Enfin, les étudiants tiennent à revenir sur les évènements qui ont embrasés les banlieues en novembre 2005. Ces derniers énoncent les problèmes qu’encourent ces zones sensibles dans lesquelles, parfois, se situent des établissements d’enseignement secondaire. De ces collèges de Zones d’Education Prioritaire, très peu d’élèves sont présents dans les facultés et grandes écoles.
- Le défi de raconter la fac à des collégiens de ZEP.
Les zones d’éducation prioritaire ont été créés en 1982 afin d’inciter le développement de projets d’éducation et dans le but de corriger les effets des inégalités sociales, économiques et culturelles en renforçant l’action éducative là où l’échec scolaire est le plus élevé. La réalité est telle que les collèges fréquentés par une population plus aisée sont plus efficaces, moins sélectifs et offrent un climat plus adapté pour l’apprentissage.

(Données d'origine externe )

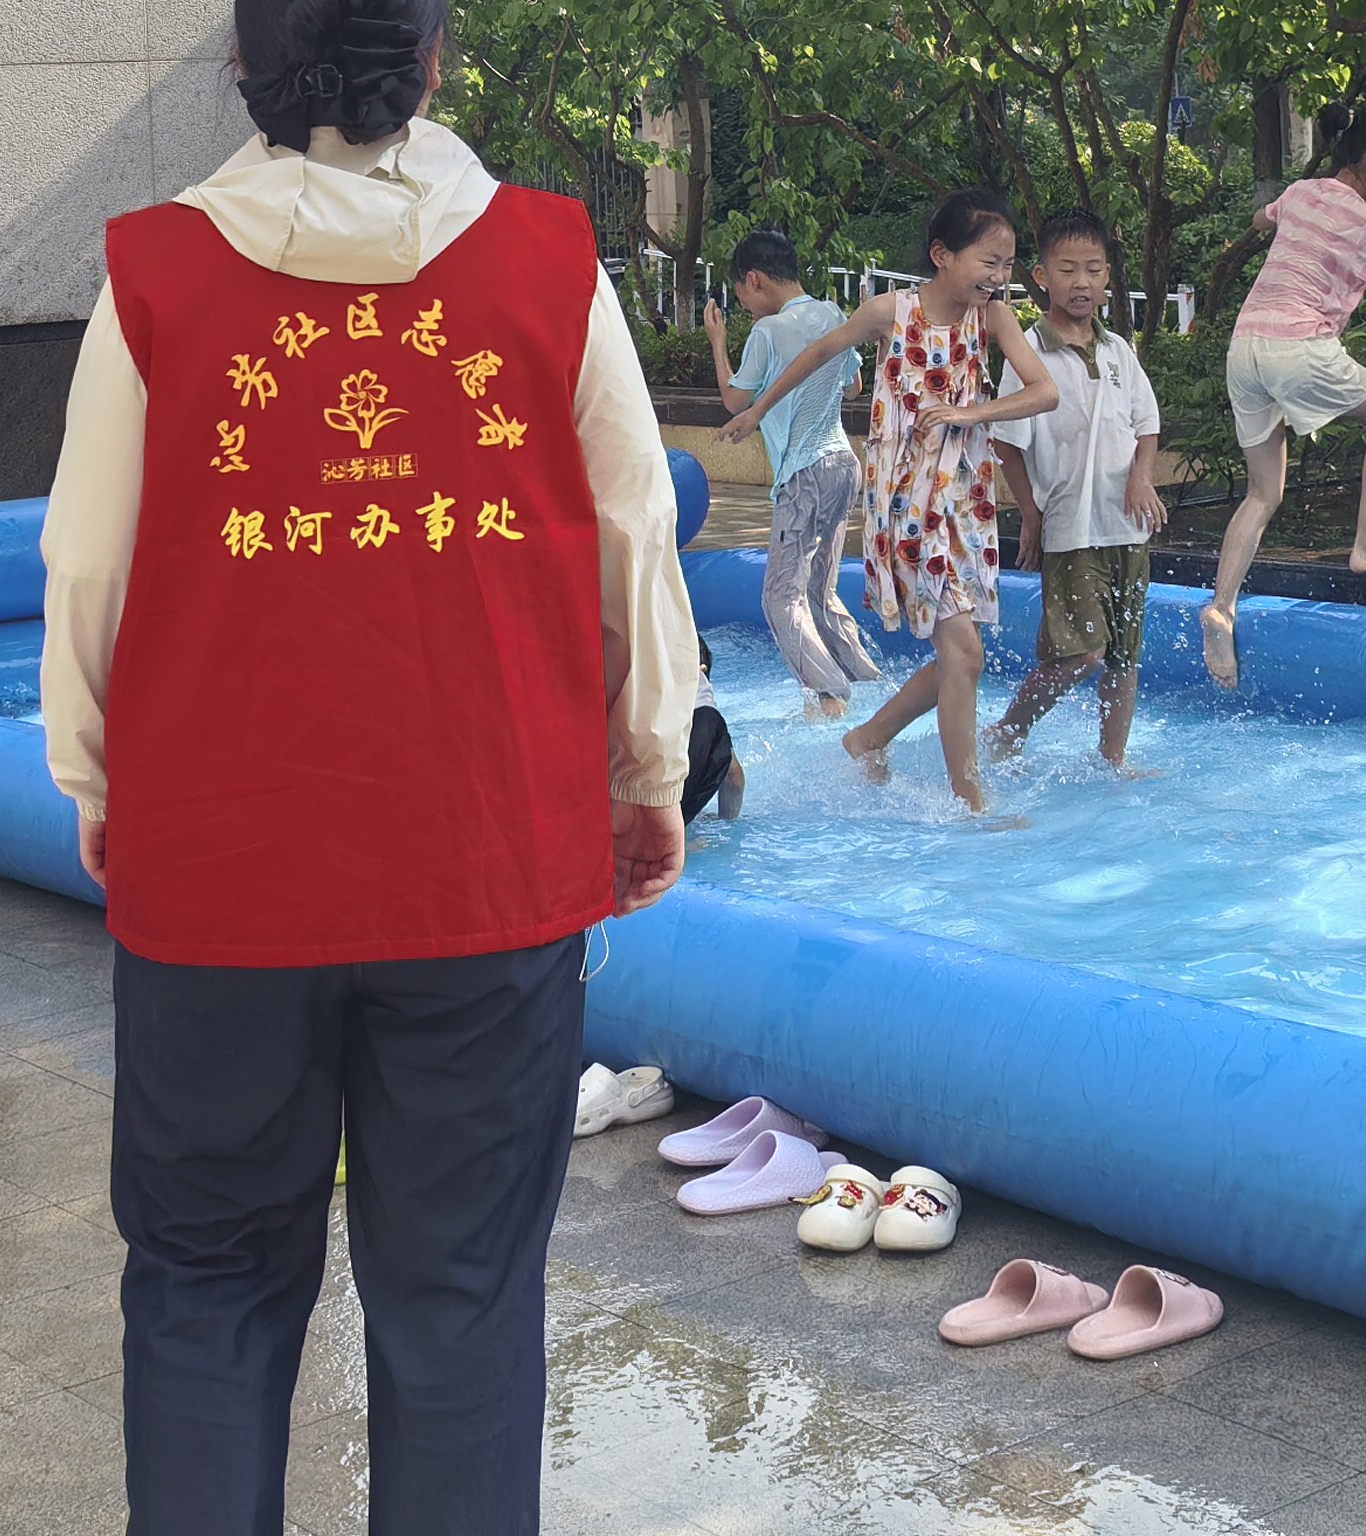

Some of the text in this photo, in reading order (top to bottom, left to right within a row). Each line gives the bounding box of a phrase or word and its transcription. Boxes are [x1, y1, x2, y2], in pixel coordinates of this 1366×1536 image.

[321, 454, 417, 483] 沁芳社区
[220, 491, 525, 559] 银河办事处
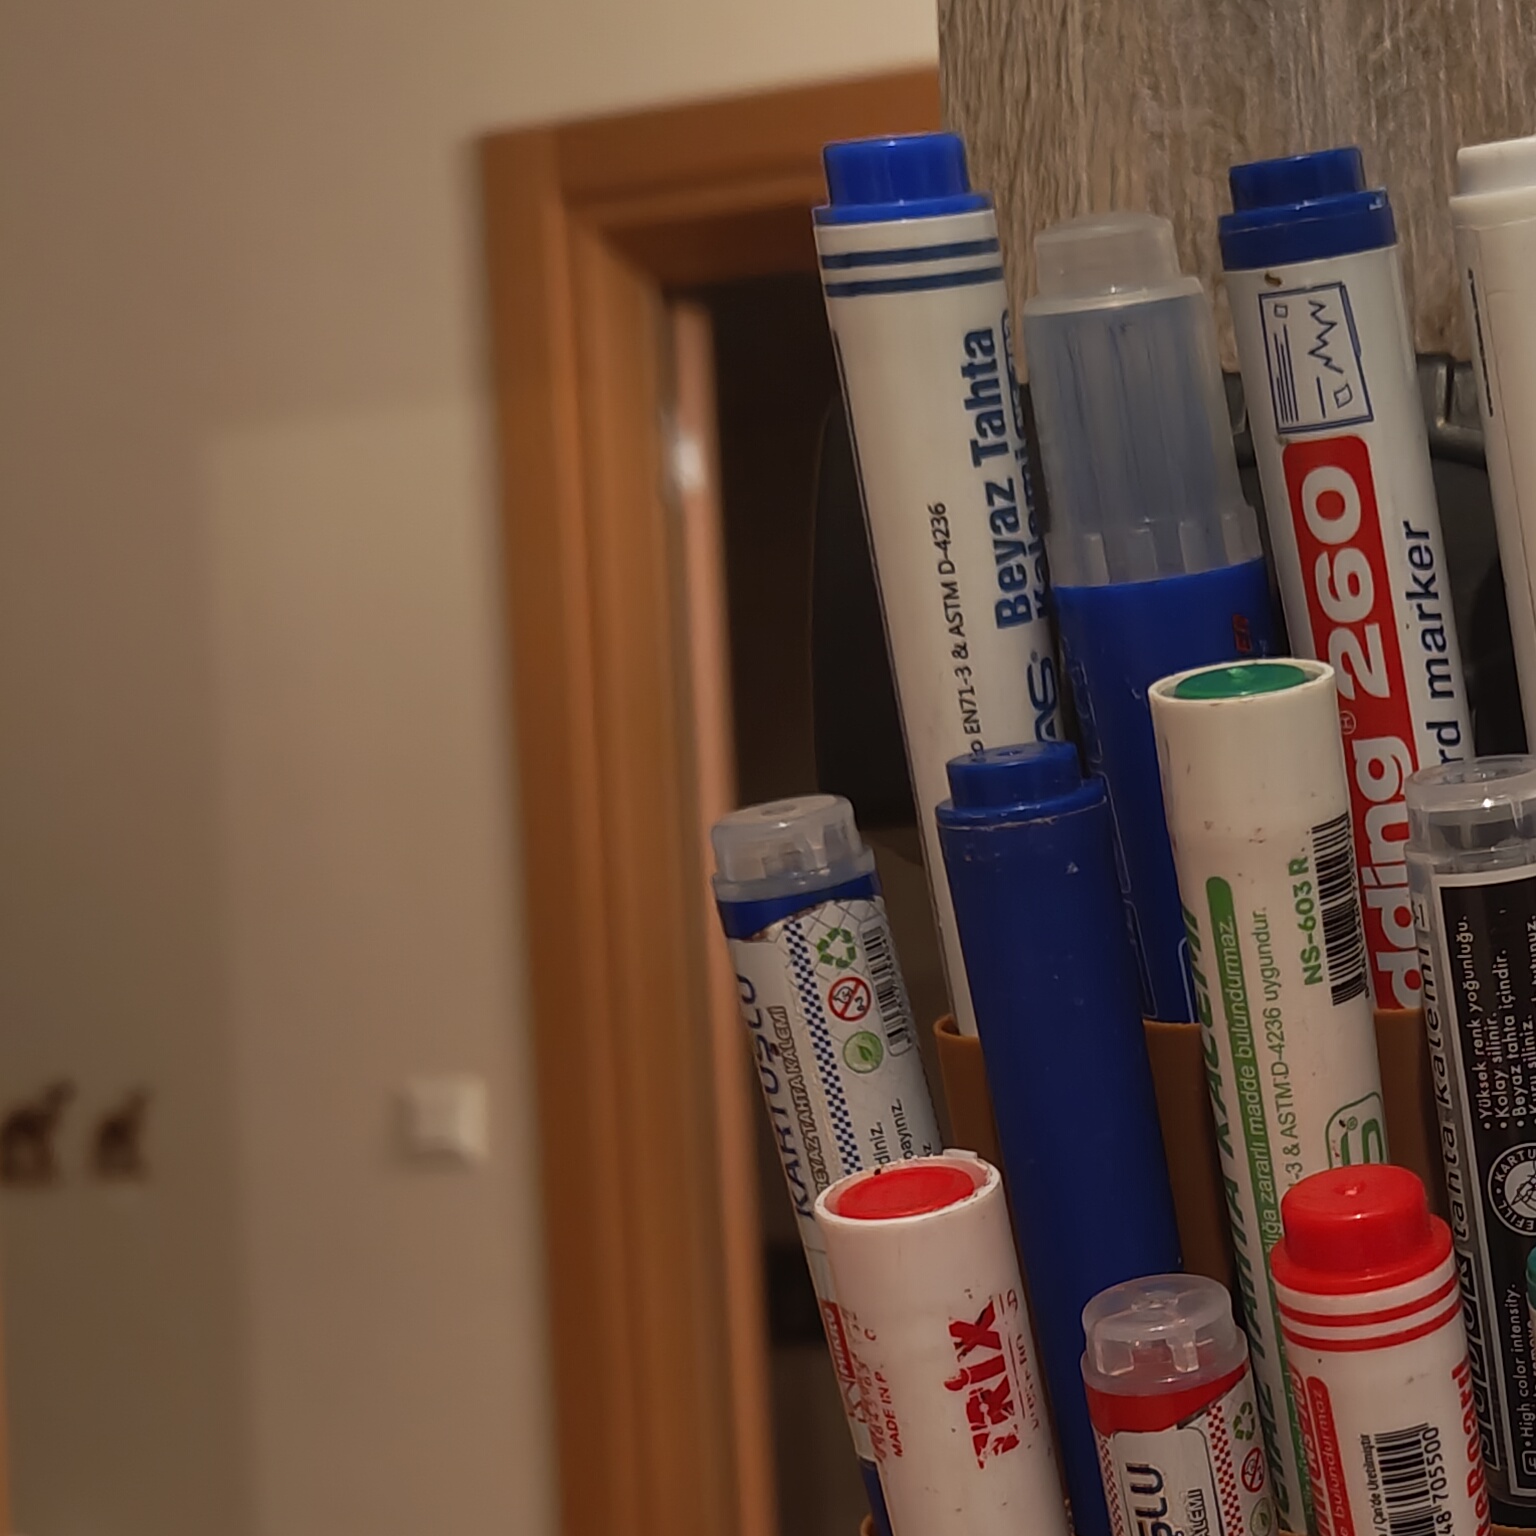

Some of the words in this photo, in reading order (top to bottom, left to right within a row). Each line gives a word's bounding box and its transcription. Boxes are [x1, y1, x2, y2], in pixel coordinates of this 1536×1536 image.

Dans ces collèges de Zone d’Education Prioritaire, selon une évaluation de l’Institut National de la Statistique et des Etudes Economiques, la discrimination positive, engendrée par l’Etat, « n’a eu aucun effet significatif sur la réussite des élèves ». Pourtant, les ZEP accueillent aujourd’hui près de deux millions d’élèves dont 550 000 collégiens. En 2004, ils représentaient 21,4% des effectifs des collèges publics. Même si des mesures ont été prises pour faire de l’éducation une vraie priorité, il semblait nécessaire aux étudiants de participer à cette valorisation de l’égalité des chances et de prendre en charge également cette « publicité » de l’enseignement supérieur.